WHAT YOU WILL DO - Repeat the records. Match each character exactly.
DATA IN THIS EXERCISE Block Start
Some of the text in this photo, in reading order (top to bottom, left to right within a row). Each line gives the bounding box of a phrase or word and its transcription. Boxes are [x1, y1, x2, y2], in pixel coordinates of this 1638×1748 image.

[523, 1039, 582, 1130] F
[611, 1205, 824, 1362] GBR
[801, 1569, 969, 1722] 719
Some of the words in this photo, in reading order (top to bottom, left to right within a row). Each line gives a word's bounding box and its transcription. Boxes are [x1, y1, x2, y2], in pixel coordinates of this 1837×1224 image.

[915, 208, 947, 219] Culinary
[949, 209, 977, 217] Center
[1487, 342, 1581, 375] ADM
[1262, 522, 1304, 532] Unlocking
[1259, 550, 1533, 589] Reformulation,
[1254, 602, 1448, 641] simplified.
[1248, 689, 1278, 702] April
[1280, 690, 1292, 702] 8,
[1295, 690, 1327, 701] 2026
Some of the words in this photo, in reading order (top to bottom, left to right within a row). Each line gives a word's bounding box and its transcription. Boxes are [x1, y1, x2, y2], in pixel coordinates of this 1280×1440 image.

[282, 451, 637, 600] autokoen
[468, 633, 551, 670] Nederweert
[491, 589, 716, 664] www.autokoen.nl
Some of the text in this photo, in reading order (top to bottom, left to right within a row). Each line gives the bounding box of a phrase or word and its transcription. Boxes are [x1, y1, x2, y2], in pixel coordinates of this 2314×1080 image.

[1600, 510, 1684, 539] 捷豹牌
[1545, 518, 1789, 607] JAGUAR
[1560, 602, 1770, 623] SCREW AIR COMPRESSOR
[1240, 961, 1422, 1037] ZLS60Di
DATA IN THIS EXERCISE Block End
OUTPUT OF THE TASK -
Some of the text in this photo, in reading order (top to bottom, left to right within a row). Each line gives the bounding box of a phrase or word and its transcription. Boxes are [x1, y1, x2, y2], in pixel coordinates of this 1638×1748 image.

[523, 1039, 582, 1130] F
[611, 1205, 824, 1362] GBR
[801, 1569, 969, 1722] 719
Some of the words in this photo, in reading order (top to bottom, left to right within a row). Each line gives a word's bounding box and its transcription. Boxes are [x1, y1, x2, y2], in pixel coordinates of this 1837×1224 image.

[915, 208, 947, 219] Culinary
[949, 209, 977, 217] Center
[1487, 342, 1581, 375] ADM
[1262, 522, 1304, 532] Unlocking
[1259, 550, 1533, 589] Reformulation,
[1254, 602, 1448, 641] simplified.
[1248, 689, 1278, 702] April
[1280, 690, 1292, 702] 8,
[1295, 690, 1327, 701] 2026
Some of the words in this photo, in reading order (top to bottom, left to right within a row). Each line gives a word's bounding box and its transcription. Boxes are [x1, y1, x2, y2], in pixel coordinates of this 1280×1440 image.

[282, 451, 637, 600] autokoen
[468, 633, 551, 670] Nederweert
[491, 589, 716, 664] www.autokoen.nl
Some of the text in this photo, in reading order (top to bottom, left to right within a row). Each line gives the bounding box of a phrase or word and its transcription. Boxes are [x1, y1, x2, y2], in pixel coordinates of this 2314×1080 image.

[1600, 510, 1684, 539] 捷豹牌
[1545, 518, 1789, 607] JAGUAR
[1560, 602, 1770, 623] SCREW AIR COMPRESSOR
[1240, 961, 1422, 1037] ZLS60Di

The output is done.